Is S-nitrosylation of cochlear proteins a critical factor in cisplatin-induced ototoxicity?

S-nitrosylation is a redox-sensitive protein modification, which is a highly specific, but reversible mechanism that regulates several signal transduction cascades. Oxidative stress plays a causal role in the ototoxic effects of an anti-neoplastic drug, cisplatin. Despite emerging evidence implicating nitroxidative stress as a critical factor in cisplatin toxicity, the significance of the cochlear protein S-nitrosylation in cisplatin ototoxicity is yet to be understood. In the present study, a 16-mg/kg dose of cisplatin, induced a significant shift in the amplitudes of distortion product otoacoustic emissions, a measure of outer hair cell activity, in Wistar rats, 3 days post-treatment. These ototoxic effects were accompanied by significant increases in the S-nitrosylation of at least three cochlear proteins.
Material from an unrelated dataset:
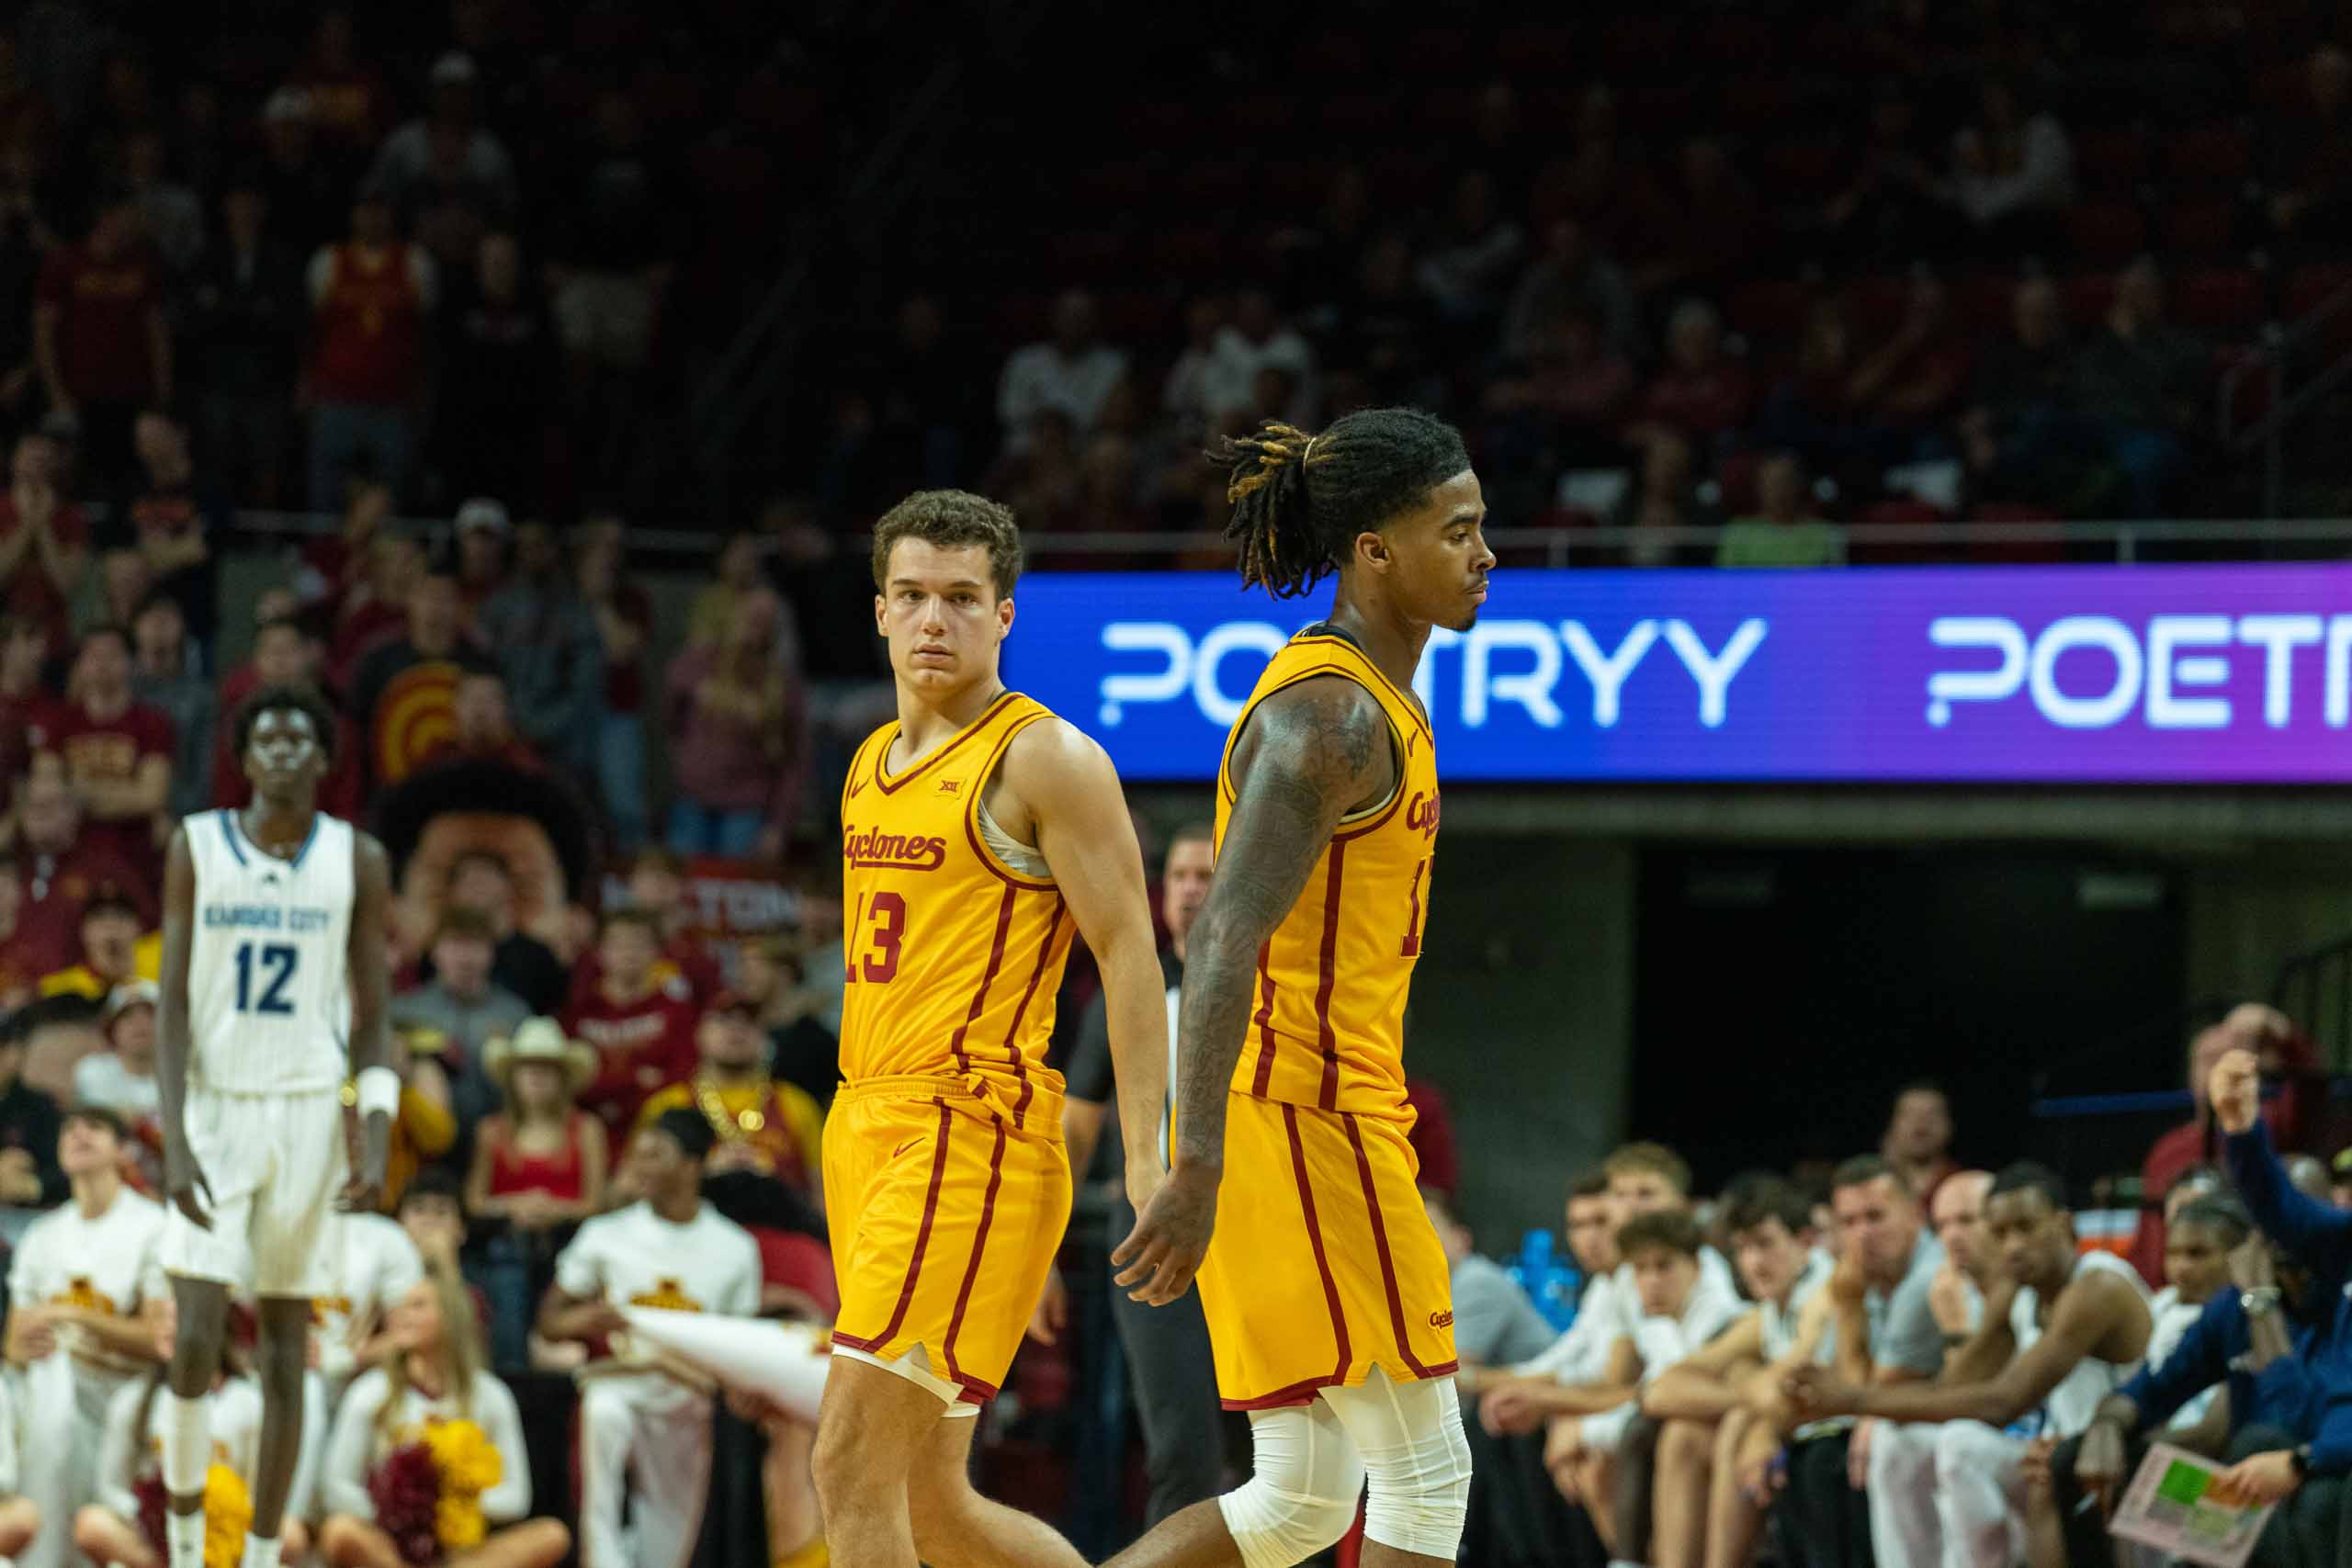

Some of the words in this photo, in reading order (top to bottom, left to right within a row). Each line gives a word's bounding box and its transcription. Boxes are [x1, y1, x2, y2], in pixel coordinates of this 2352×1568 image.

[1099, 618, 1768, 728] PORYY
[1926, 615, 2352, 728] POET
[235, 940, 298, 1013] 12
Biological significance of these S-nitrosylated proteins was indicated by their immunolocalization in organ of Corti, stria vascularis, and spiral ganglions, which are known cochlear targets of cisplatin toxicity. In addition, co-treatment with Trolox, an inhibitor of peroxynitrite, attenuated cisplatin-induced S-nitrosylation of cochlear proteins and prevented the associated hearing loss. The cisplatin-induced S-nitrosylation of inner ear proteins, their sensitive cochlear localization, and their potential association with cisplatin-induced hearing loss suggests that S-nitrosylation of cochlear proteins might play a crucial role in mediating cisplatin ototoxicity.